Ici, pas de maladies nosocomiales, quand vous entrez en tant que client ou patient, vous êtes certain d'en ressortir dans le même état sauf en cas d'autopsie. Mais ce n'était pas mon propos.

J'avais l'esprit ailleurs. Je n'avais pas spécialement envie de venir là. Quelque part, je me sentais assez peu concerné par le corps qu'on venait de trouver dans la Garonne. C'était peut-être celui de... sans doute, même et alors, qu'est-ce que ça changerait maintenant, pour moi ? Et j'étais là, à attendre patiemment et je me posais plein de questions. D'où vient ce nom "morgue ?"

Et je pensais au petit Philippe qui travaillait dans ce service quand je l'ai connu, il y a douze ou treize ans... Il avait eu du mal à s'habituer. Non, ce n'était pas spécialement une question d'ambiance, non, il disait que c'était surtout que le contact avec les gens n'était pas ce qu'il s'était imaginé.

Ce n'est qu'en rentrant chez moi que j'ai pu obtenir la réponse : autrefois, la morgue était le service d'identité judiciaire. Et chaque personne pénétrant dans une prison passait par une salle où on les morguait (morguer = regarder quelqu'un avec insistance.) C'est donc en les morguant que les gardiens se familiarisaient avec les visages des nouveaux arrivants afin, entre autres, de déjouer toute tentative d'évasion.

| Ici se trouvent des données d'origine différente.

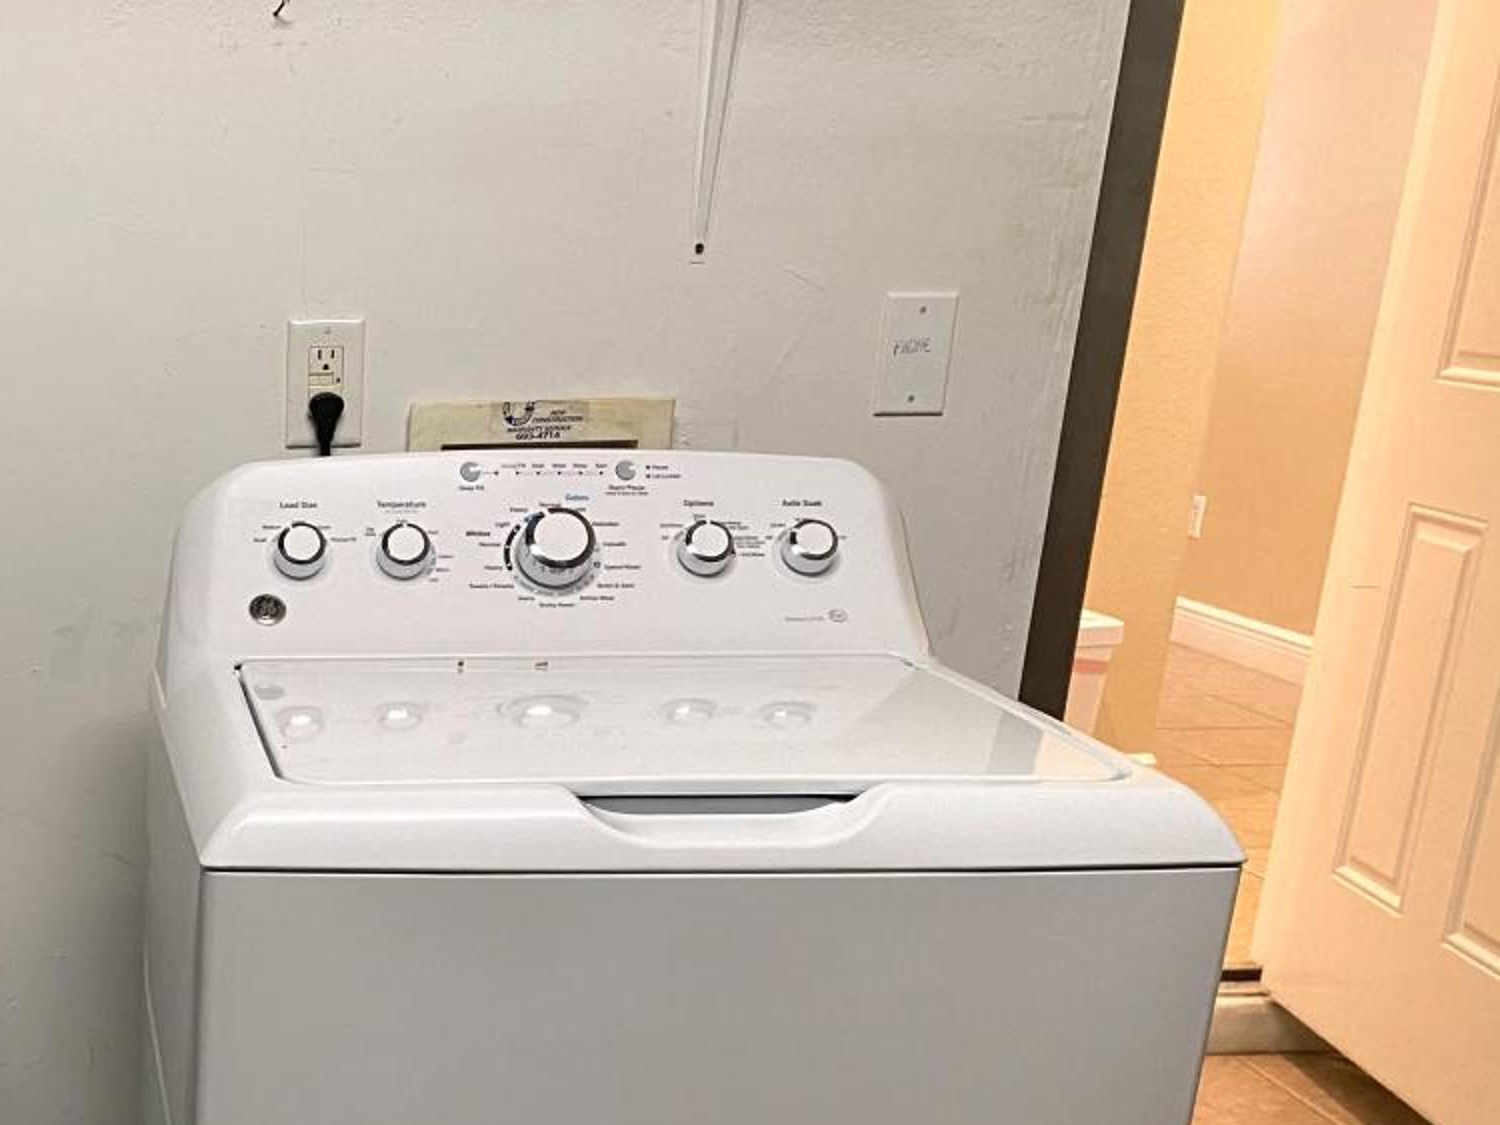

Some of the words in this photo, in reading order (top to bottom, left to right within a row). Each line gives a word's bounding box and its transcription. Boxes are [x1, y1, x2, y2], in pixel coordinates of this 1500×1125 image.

[279, 501, 299, 509] Load
[377, 500, 428, 510] Temperature
[781, 499, 801, 507] Auto
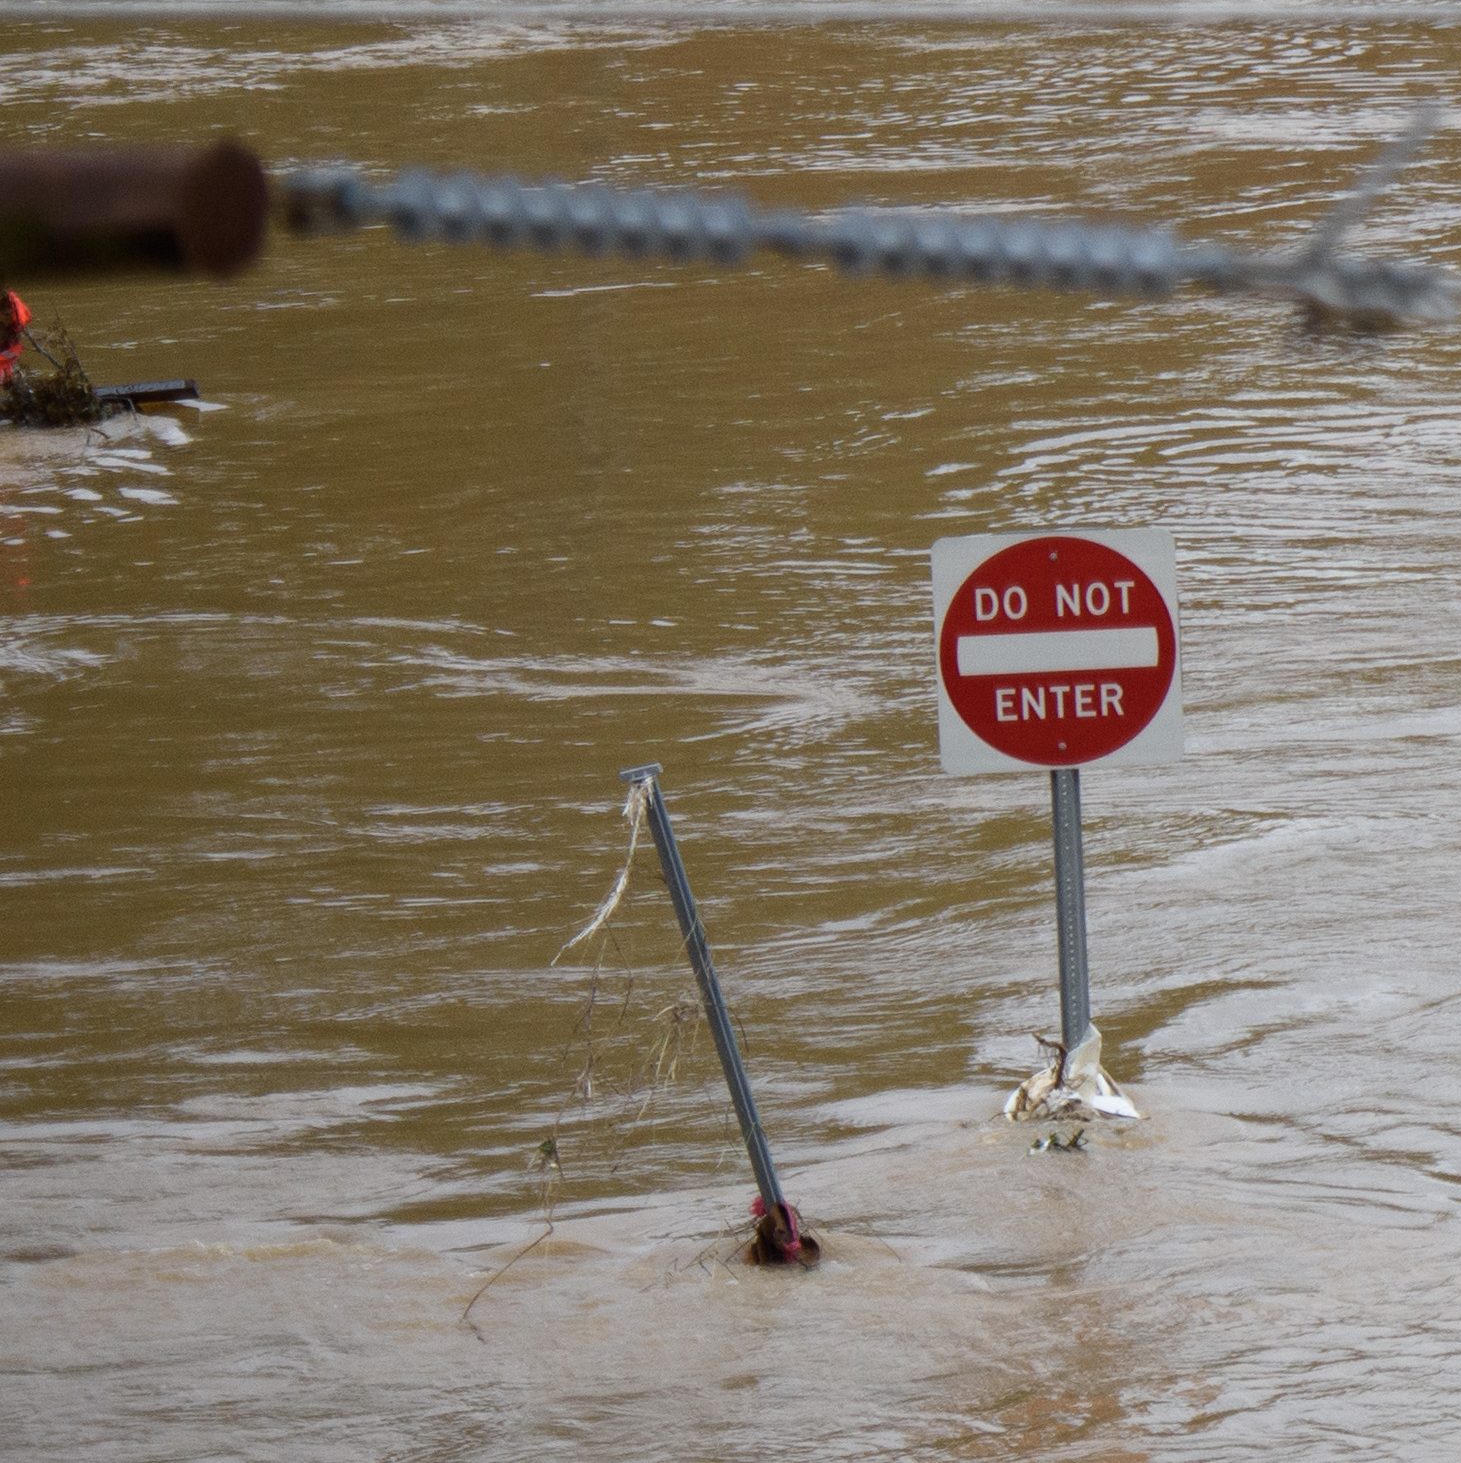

Pas de chance parce que c'est dans une pièce attenante qu'on déposait les cadavres ramassés sur la voie publique ou repêchés dans la Garonne. Ou la Seine. Un guichetier gardait l'entrée de ce caveau (ou basse-geôle) et le public venait morguer les cadavres à travers u judas pour pouvoir les identifier si possible. De ce fait, cet endroit prit le nom de morgue.

J'étais assez content de moi. J'avais la réponse à la question que je m'étais posée toute la matinée. Je me suis servi un apéro avec beaucoup de glaçons et j'ai attendu Philippe. Dès qu'il est rentré de son travail, il m'a demandé ce qu'il y avait à dîner. De la viande froide et des cornichons. Ton assiette est prête, elle est dans le frigo. Je lui ai répondu.